The median was used to describe the age of the animals within the cluster. The remaining variables were reported as a proportion of cases within the cluster with the variable of interest and the 95% confidence interval (CI). This descriptive statistic was used for: (i) species (dogs, cats and ‘other species’ which included rabbits, ferrets and small rodents); (ii) intact animals (i.e. not spayed or neutered); (iii) vaccination history; (iv) exposure history; (v) disease severity (including haematochezia, admitted for intravenous fluid therapy, died or euthanized); and (vi) aetiological diagnosis.
The next step was to determine if the characteristics of cases within a cluster identified the cluster as either expected (similar to) or unexpected (unusual) compared to the characteristics of referent cases. To establish the parameters of the reference population against which the clusters could be compared, the median age, and proportions (with 95% CI) for species, and sexually intact animals, were calculated from all of the enteric syndrome cases. For each of the remaining variables, the medical notes from a random sample of 500 enteric syndrome cases were reviewed to describe the proportions of cases by the history of vaccinations, exposure history, disease severity and the aetiological diagnosis. This sample size was sufficient to estimate the reference population's proportions with a 4·4% precision, assuming the a priori estimate of the proportion to be (conservatively) 0·5, and a 5% significance level [Reference Dohoo, Martin and Stryhn28].

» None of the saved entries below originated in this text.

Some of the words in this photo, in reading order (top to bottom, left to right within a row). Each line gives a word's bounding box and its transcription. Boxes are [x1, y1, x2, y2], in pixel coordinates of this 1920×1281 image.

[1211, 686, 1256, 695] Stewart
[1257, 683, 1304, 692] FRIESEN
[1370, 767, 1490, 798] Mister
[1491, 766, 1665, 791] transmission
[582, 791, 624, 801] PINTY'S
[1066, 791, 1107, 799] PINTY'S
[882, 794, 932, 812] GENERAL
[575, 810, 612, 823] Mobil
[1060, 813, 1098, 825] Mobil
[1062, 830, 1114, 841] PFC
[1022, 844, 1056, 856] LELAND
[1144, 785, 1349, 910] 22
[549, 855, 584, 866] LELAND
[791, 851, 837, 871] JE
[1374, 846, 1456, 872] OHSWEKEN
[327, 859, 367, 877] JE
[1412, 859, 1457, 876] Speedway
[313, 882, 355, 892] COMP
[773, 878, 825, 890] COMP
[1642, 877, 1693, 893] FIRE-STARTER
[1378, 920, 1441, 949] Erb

After the characteristics of the cluster were defined and it was determined that the findings were unexpected when compared to the reference population, we evaluated the information available within the electronic medical records: (i) for the possibility of developing a hypothesis as to the cause of the outbreak, (ii) to assess the possible risk factors for enteric syndrome in the cluster, and/or (iii) to inform a response by animal health or public health authorities.
RESULTS
Time series
There were 1242 enteric cases presenting to the participating veterinary practices on Sundays during the study period compared to an average of 2446 cases on each of the other 6 days of the week. This day of the week effect was a reflection of the veterinary practices' operating hours and informed the 7-day time aggregation in SaTScan.

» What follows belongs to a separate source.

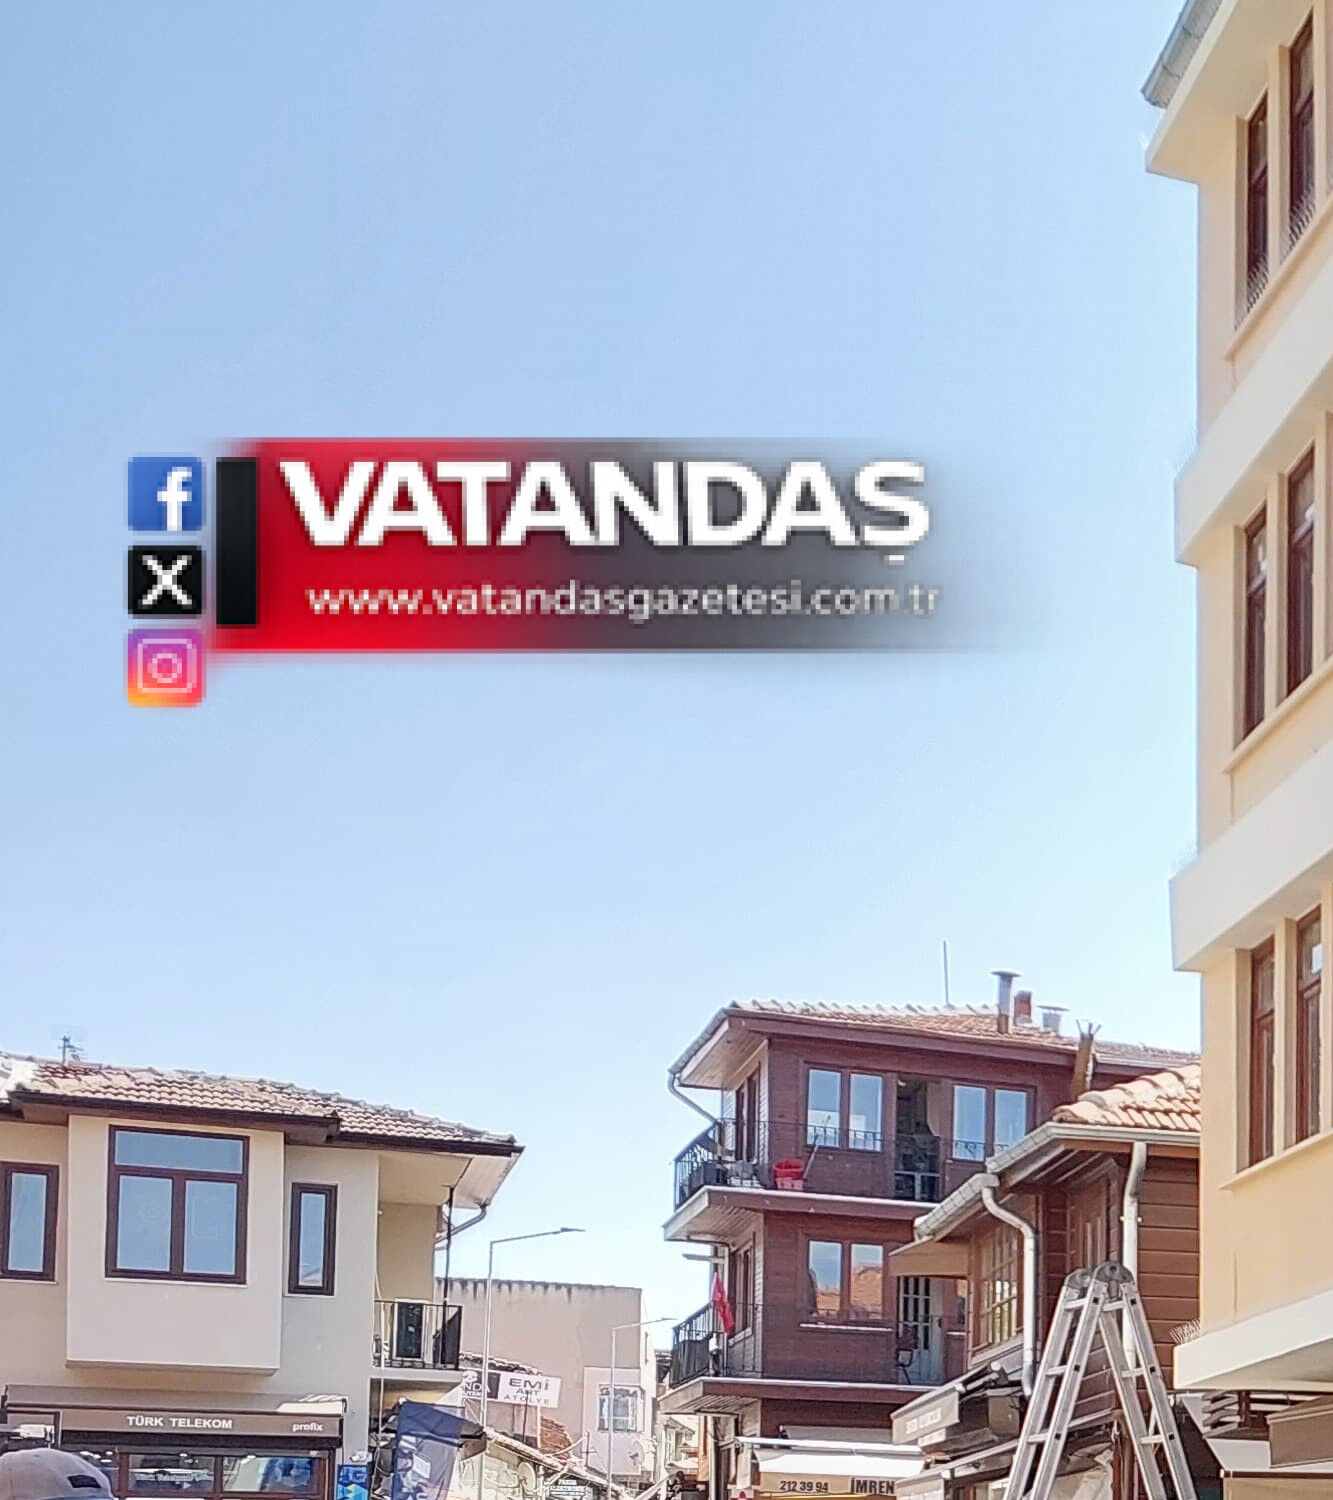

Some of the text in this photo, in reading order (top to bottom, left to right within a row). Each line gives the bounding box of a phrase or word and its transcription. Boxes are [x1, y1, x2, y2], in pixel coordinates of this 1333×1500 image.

[127, 1415, 233, 1430] TÜRK TELEKOM
[292, 1422, 324, 1432] profix
[780, 1480, 829, 1492] 212 39 94
[850, 1476, 895, 1495] İMREN

The daily and 7-day moving average of counts of enteric cases were plotted against time. The numbers of enteric syndrome cases presenting to veterinarians increased in late summer and autumn (over a window of ~100 days) for each of the 4 years of the study (Fig. 3). The seasonal pattern was still evident when the daily enteric cases were normalized by all cases presenting to the participating practices each day. The linear regression examining the number of enteric syndrome cases over all cases indicated there was no long-term trend (slope coefficient <0·0001) in the proportion of enteric syndrome cases over the time of the study (Fig. 4).
Space–time analysis
There were four significant (P < 0·05) clusters identified, one each in 2007, 2008, 2009, and 2010 (Table 1, Figs 3 and 5).
Evaluating the cluster signals
The characteristics of the reference population were estimated and are reported in Table 2.
n.a., Not applicable; CI, confidence interval.
* Other species includes ferrets, rabbits and small rodents
† Feed includes raw diet, diet change, dietary indiscretion
‡ Housing includes pet store, breeder, boarding kennel
§ Environmental exposure includes hunter/scavenger, off leash parks, camping, hiking
|| Determined by morphological appearance under light microscopy, not identified by microbiological culture.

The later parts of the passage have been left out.